In order to solve the question, we will use the relation between sound level, intensity given and the intensity constant in the processing of solving the answer we will use the logarithmic properties in order to make the calculation easy and hence we will reach to the answer
Formula required to solve the question
$b = 10 \times \log \left( {\dfrac{I}{{{I_o}}}} \right)$
b is represented as sound level
${I_o}$ is represented as intensity constant in watts per meter square
I is represented as given intensity

Complete answer:
In the question we are given the intensity of the sound and we have to find the sound level of that sound in decibel or dB
Intensity of sound (I) = $5.0 \times {10^{ - 6}}{\text{ watt }}{{\text{m}}^{ - 2}}$
In order to find the sound level, we will use the formula
$b = 10 \times \log \left( {\dfrac{I}{{{I_o}}}} \right)$
According to question we have intensity and ${I_o}$ is a constant in the formula of sound level
${I_o}$ = ${10^{ - 12}}{\text{ watt }}{{\text{m}}^{ - 2}}$
Now we will substitute the value of ${I_o}$ and I in the formula of sound level
$b = 10 \times \log \left( {\dfrac{{5.0 \times {{10}^{ - 6}}{\text{ watt }}{{\text{m}}^{ - 2}}}}{{{{10}^{ - 12}}{\text{ watt }}{{\text{m}}^{ - 2}}}}} \right)$
Solving the bracket of log, we get in which ${\text{watt }}{{\text{m}}^{ - 2}}$ cuts in numerator and denominator
$b = 10 \times \log \left( {5.0 \times {{10}^6}} \right)$
Now we will solve the log using the properties of logarithm
$\log \left( {5.0 \times {{10}^6}} \right) = \log (5) + \log ({10^6})$ (Using: ${\text{log}_{\text{a}}}\left( {{\text{uv}}} \right){\text{ = log}_{\text{a}}}{\text{u + log}_{\text{a}}}{\text{v}}$)
$\log \left( {5.0 \times {{10}^6}} \right) = \log (5) + 6$ (Using: ${\text{log}_{\text{a}}}\left( {{{10}^b}} \right){\text{ = b}}$ )
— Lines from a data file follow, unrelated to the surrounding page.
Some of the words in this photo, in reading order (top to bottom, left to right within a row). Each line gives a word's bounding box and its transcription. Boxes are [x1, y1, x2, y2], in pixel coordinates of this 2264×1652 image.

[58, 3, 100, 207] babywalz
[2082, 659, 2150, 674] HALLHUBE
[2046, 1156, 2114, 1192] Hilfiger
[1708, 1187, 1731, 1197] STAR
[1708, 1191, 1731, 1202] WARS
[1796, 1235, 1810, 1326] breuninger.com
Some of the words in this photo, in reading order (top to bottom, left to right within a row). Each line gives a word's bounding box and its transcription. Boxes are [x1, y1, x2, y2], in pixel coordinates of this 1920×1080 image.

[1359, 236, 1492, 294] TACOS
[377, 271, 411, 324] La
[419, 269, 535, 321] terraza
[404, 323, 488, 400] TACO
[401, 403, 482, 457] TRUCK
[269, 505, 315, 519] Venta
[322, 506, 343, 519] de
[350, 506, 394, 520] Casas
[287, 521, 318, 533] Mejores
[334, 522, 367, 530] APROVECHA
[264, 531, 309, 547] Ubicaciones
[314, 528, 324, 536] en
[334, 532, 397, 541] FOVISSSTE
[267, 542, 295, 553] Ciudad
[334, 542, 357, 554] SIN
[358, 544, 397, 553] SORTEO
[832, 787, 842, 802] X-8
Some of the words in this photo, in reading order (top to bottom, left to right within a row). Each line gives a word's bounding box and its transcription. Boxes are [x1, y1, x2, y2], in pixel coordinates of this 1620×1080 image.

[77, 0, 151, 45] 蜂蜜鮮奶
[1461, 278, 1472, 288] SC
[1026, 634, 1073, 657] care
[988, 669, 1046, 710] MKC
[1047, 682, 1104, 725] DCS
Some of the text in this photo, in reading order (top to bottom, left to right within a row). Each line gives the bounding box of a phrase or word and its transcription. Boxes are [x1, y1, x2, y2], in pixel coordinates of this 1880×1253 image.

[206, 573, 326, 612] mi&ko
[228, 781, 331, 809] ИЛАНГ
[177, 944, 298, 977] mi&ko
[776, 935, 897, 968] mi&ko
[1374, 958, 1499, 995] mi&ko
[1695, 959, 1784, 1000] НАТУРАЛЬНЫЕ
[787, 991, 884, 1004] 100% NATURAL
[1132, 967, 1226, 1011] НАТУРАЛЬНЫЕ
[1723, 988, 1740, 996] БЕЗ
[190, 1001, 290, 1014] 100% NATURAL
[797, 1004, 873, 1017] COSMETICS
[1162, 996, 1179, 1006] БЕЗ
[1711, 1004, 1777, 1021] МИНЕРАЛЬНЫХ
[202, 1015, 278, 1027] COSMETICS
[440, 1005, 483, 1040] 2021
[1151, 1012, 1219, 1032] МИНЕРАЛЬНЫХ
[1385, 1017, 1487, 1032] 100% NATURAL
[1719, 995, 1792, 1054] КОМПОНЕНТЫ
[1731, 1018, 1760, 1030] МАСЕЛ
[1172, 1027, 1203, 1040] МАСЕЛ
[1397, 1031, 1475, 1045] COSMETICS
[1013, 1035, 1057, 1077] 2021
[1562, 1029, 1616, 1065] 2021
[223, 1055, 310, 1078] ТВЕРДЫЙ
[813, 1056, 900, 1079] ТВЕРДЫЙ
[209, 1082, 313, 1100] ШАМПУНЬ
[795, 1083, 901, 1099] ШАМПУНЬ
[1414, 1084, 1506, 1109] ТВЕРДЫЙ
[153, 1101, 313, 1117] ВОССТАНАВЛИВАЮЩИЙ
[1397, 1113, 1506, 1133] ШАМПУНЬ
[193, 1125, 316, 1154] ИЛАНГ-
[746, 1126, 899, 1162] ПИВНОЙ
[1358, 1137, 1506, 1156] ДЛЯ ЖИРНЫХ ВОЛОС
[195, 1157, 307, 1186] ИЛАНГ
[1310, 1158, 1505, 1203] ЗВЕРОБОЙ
Now we will substitute the value of $log 5$
$\log \left( {5.0 \times {{10}^6}} \right) = 0.7 + 6$ ($log5= 0.7$)
$\log \left( {5.0 \times {{10}^6}} \right) = 6.7$
Now we will substitute the value of log in the formula of sound level
$b = 10 \times 6.7 = 67{\text{ dB}}$
sound level is equal to $67$ dB

Note:
Many people may confuse how the log ten raised to the power is equal to the number that is raised to the power this is possible as $log 10$ is equal to one so if we use the property of logarithm we will reach to the result as only the number that is raised to the power.